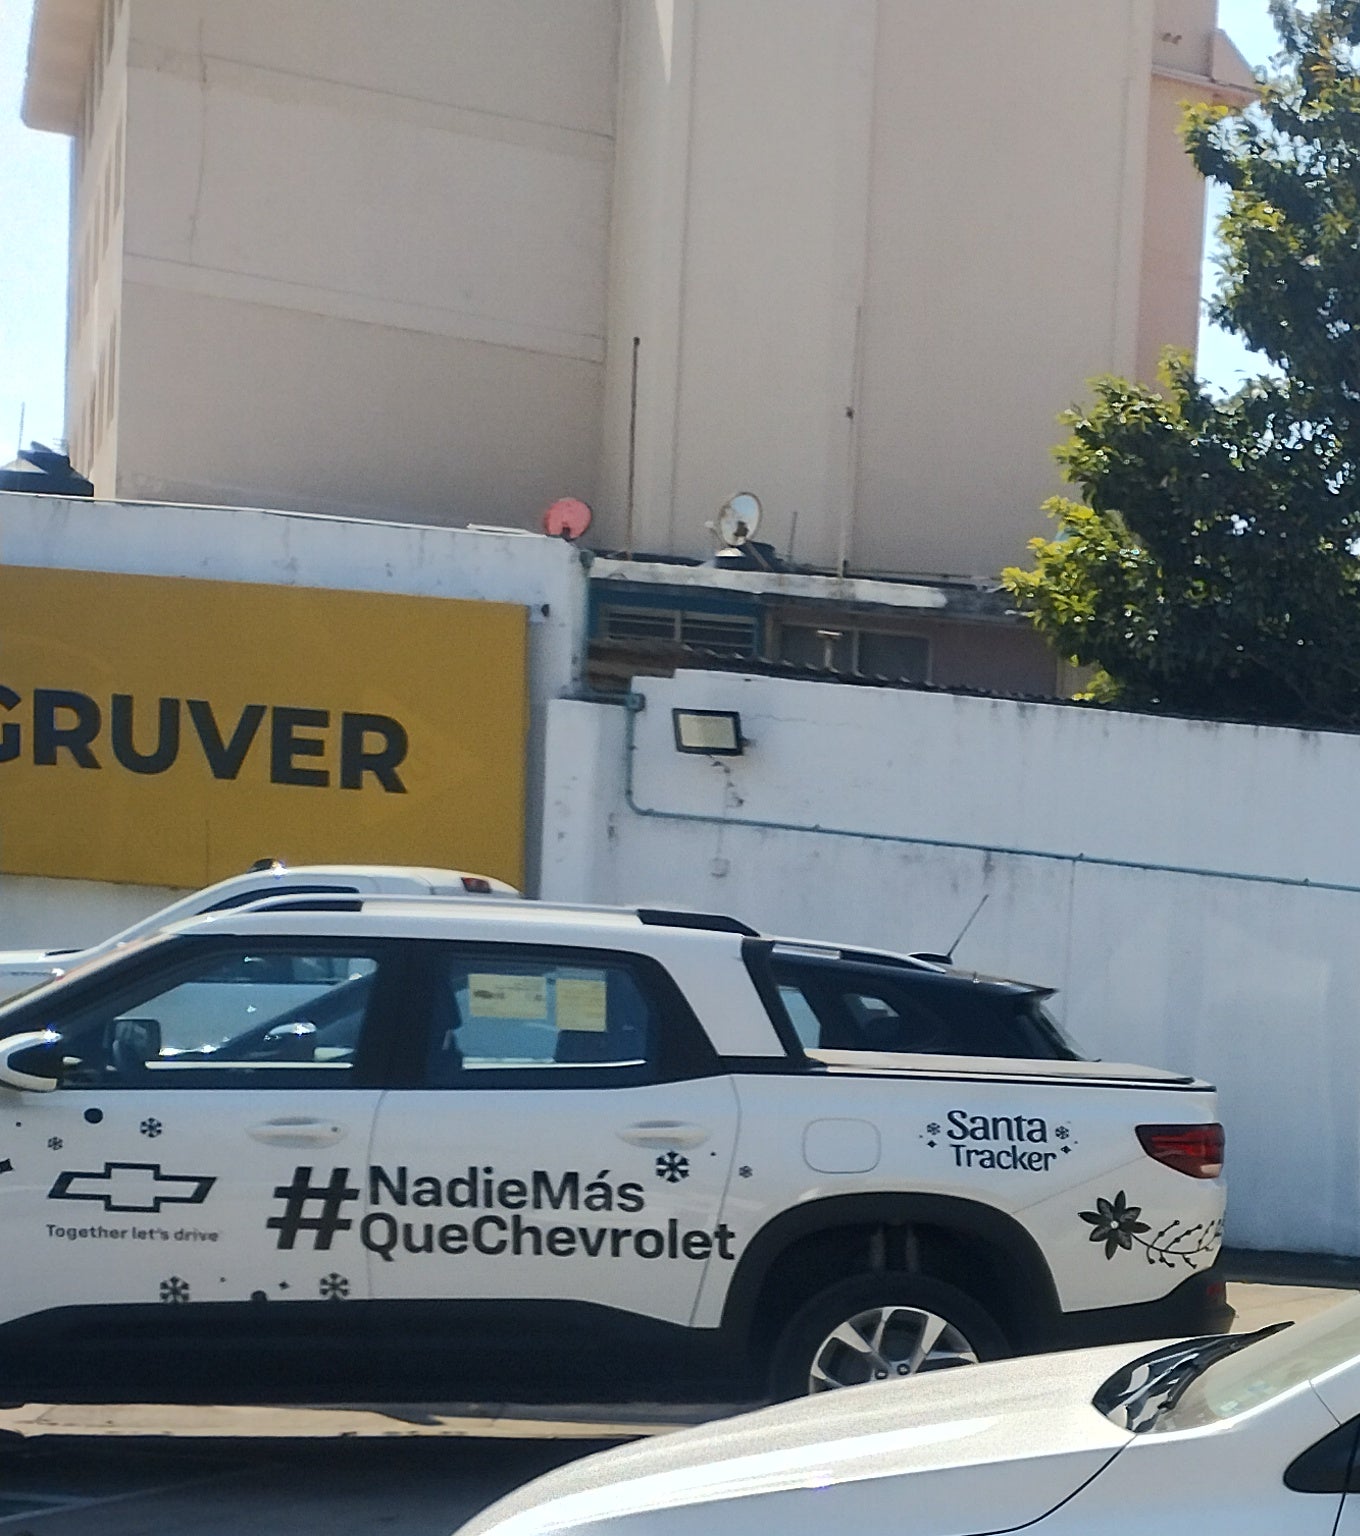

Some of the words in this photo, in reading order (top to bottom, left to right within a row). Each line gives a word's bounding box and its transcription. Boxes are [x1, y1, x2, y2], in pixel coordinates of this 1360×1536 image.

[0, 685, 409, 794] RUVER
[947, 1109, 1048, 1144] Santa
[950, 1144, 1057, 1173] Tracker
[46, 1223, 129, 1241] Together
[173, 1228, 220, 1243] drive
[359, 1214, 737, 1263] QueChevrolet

+ + + + + + +

• **AIM OF THE TASK**: Aside from the pictures, copy all of the entries exactly.

• **RESULT**:
Some of the words in this photo, in reading order (top to bottom, left to right within a row). Each line gives a word's bounding box and its transcription. Boxes are [x1, y1, x2, y2], in pixel coordinates of this 1360×1536 image.

[0, 685, 409, 794] RUVER
[947, 1109, 1048, 1144] Santa
[950, 1144, 1057, 1173] Tracker
[46, 1223, 129, 1241] Together
[173, 1228, 220, 1243] drive
[359, 1214, 737, 1263] QueChevrolet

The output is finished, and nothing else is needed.